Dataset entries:

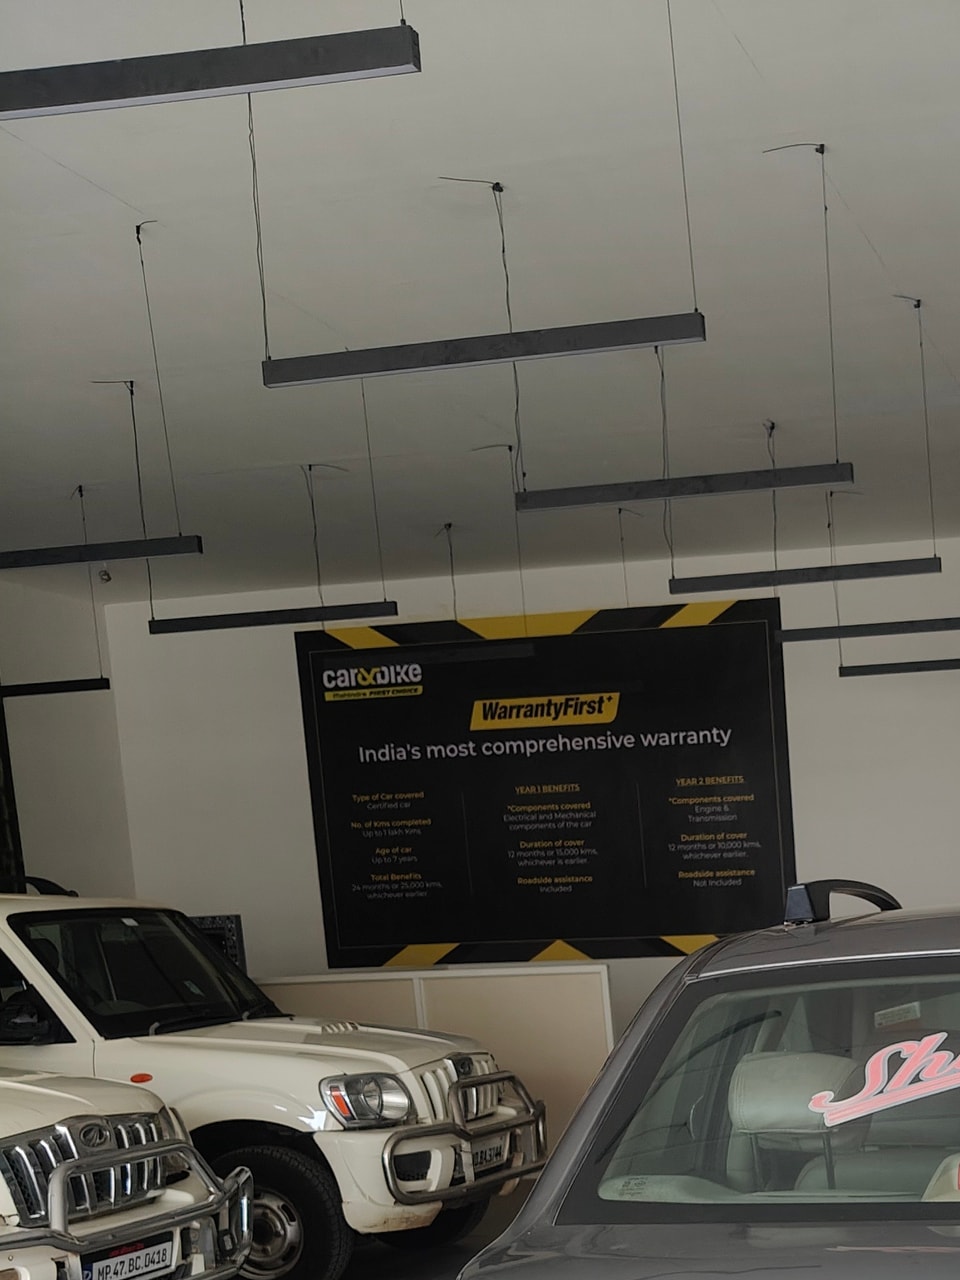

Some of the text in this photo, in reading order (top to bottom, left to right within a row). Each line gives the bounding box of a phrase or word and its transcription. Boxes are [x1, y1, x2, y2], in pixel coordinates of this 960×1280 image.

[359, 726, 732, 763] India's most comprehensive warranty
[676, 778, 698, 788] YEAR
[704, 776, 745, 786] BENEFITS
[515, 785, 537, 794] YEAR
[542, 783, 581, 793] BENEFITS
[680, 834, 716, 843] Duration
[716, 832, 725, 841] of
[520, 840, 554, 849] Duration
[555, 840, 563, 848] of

- _DIRECTIONS FOR THIS TASK_: Go through the entries above and output them exactly, without pictures.

- _TASK OUTPUT_:
Some of the text in this photo, in reading order (top to bottom, left to right within a row). Each line gives the bounding box of a phrase or word and its transcription. Boxes are [x1, y1, x2, y2], in pixel coordinates of this 960×1280 image.

[359, 726, 732, 763] India's most comprehensive warranty
[676, 778, 698, 788] YEAR
[704, 776, 745, 786] BENEFITS
[515, 785, 537, 794] YEAR
[542, 783, 581, 793] BENEFITS
[680, 834, 716, 843] Duration
[716, 832, 725, 841] of
[520, 840, 554, 849] Duration
[555, 840, 563, 848] of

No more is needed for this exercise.